Wed Feb 4 16:39:10 UTC 2015

[Declassifying this discussion and posting on [tor-dev]] 

David Goulet <dgoulet at ev0ke.net> writes:

> Hello HS elves!
>
> I wrote a document to organize my thought and also list what we have in
> the bug tracker right now about HS behaviours that we want to
> understand/measure/assess/track.
>
> It's a bit long but you can pass the first section describing the
> tickets and go right into the How and The Work to be done.
>
> Nick, you will see there is a SponsorS component but I didn't go into
> hard details there. We all know we need a testing network but for now
> I'm more focuses on making sure we can collect the right data (for HS).
>
> Very important part I would like feedback on is the "HS health service"
> for which I would like that we all agree of it's usefulness and way to
> do it properly.
>
> Cheers!
> David
>
> This document describes the methodology and technical details of an hidden
> service measurement framework/tool/<insert what this is>.
>
> NOTE: This is NOT intended to be run in the real Tor network. ONLY testing.
>
> Why and What
> -----
>
> The goal is to answer some questions we have regarding HS behaviours. Most
> of them have a ticket assigned to them but needs an experiment or/and added
> feature(s) so we can measure what we need.
>
> - Is rend_cache_clean_v2_descs_as_dir cutoff crazy high?
>   https://trac.torproject.org/projects/tor/ticket/13207
>
>   In order to address this, it seems we need a way to measure all the
>   interactions with the cache of an HSDir and a client. We need to assess
>   the rend cache cleanup timing values which will also helps with the upload
>   and refetch timings.
>
> - What's the average number of hsdir fetches before we get the hsdesc?
>   https://trac.torproject.org/projects/tor/ticket/13208
>
>   Using the control port for that is trivial but this needs a testing
>   network to be setup and has actual load on it.
>
>   It could also be setup as a feature of an "HS health measurement tool"
>   with a client fetching over and over the same .onion address randomly over
>   time.
>
> - Write a hidden service hsdir health measurer
>   https://trac.torproject.org/projects/tor/ticket/13209
>
>   This is a useful one, being able to correlate relay churn and HS desc.
>   fetch. This one needs more brainstorming on how we could setup some sort
>   of client or service that report/logs the results on crunching the
>   consensus for HSDir for a specific .onion address that we know and
>   control.
>
> - Refactor rend_client_refetch_v2_renddesc()
>   https://trac.torproject.org/projects/tor/ticket/13223
>
>   Insure correctness of this very important function that do fetches for the
>   client.
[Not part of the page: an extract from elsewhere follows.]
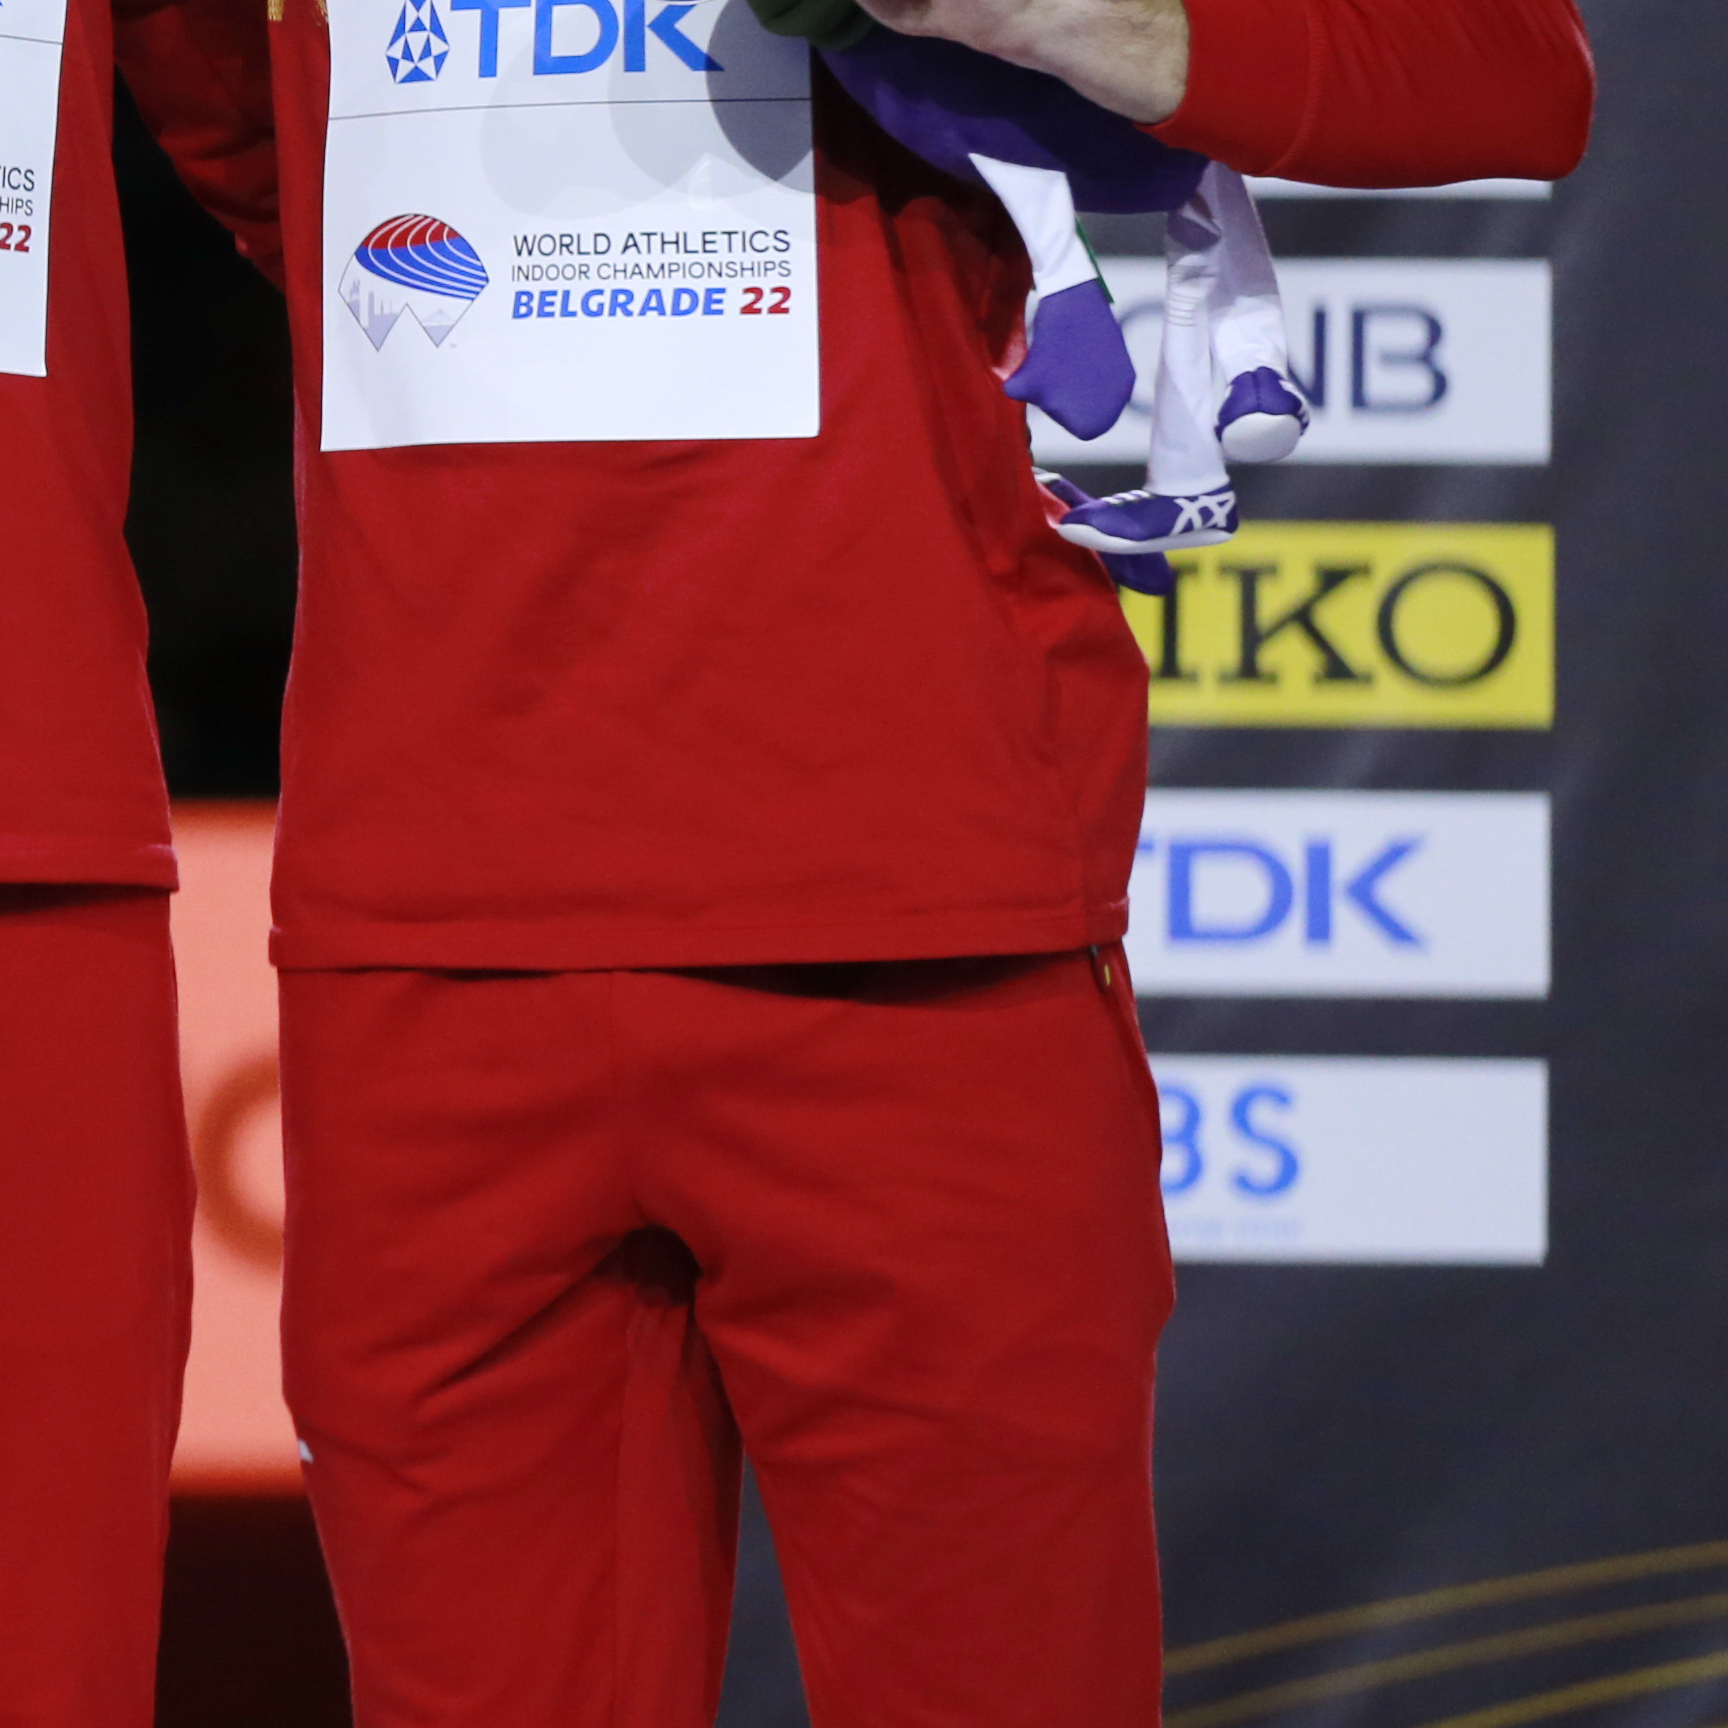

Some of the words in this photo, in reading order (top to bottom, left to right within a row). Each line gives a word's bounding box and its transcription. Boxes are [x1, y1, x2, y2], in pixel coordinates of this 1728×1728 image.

It's in there that the HSDir (with replicas) are looped on so the
>   descriptor can be fetched.
>
> - Maybe we want three preemptive internal circs for hidden services?
>   https://trac.torproject.org/projects/tor/ticket/13239
>
>   That's pretty trivial to measure and quantify with the tracing
>   instrumentation added in Tor. No need for a new feature but an experiment
>   has to be designed to measure 2 internal circuits versus 3.
>
> - rend_consider_services_upload() sets initial next_upload_time which is
>   clobbered when first intro point established?
>   https://trac.torproject.org/projects/tor/ticket/13483
>
>   Do the RendPostPeriod option is working correctly. What's the exact
>   relation in time of service->desc_is_dirty and upload time of a new
>   descriptor.
>
> - Do we have edge cases with rend_consider_descriptor_republication()? Can
>   we refactor it to be cleaner?
>   https://trac.torproject.org/projects/tor/ticket/13484
>
>   This is a core function that is called every second so we should make sure
>   it behaving as expected and not trying to do uneeded upload.
>

Hello,

nice list of tickets. Here are some more ideas if you are looking for
more brainstorming action.

There is #3733 which is about a behavior that affects performance and
could benefit from a testing network.

And there is #8950 which is about the number of IPs per hidden
service. It's very unclear whether this functionality works as
intended or whether it's a good privacy idea. 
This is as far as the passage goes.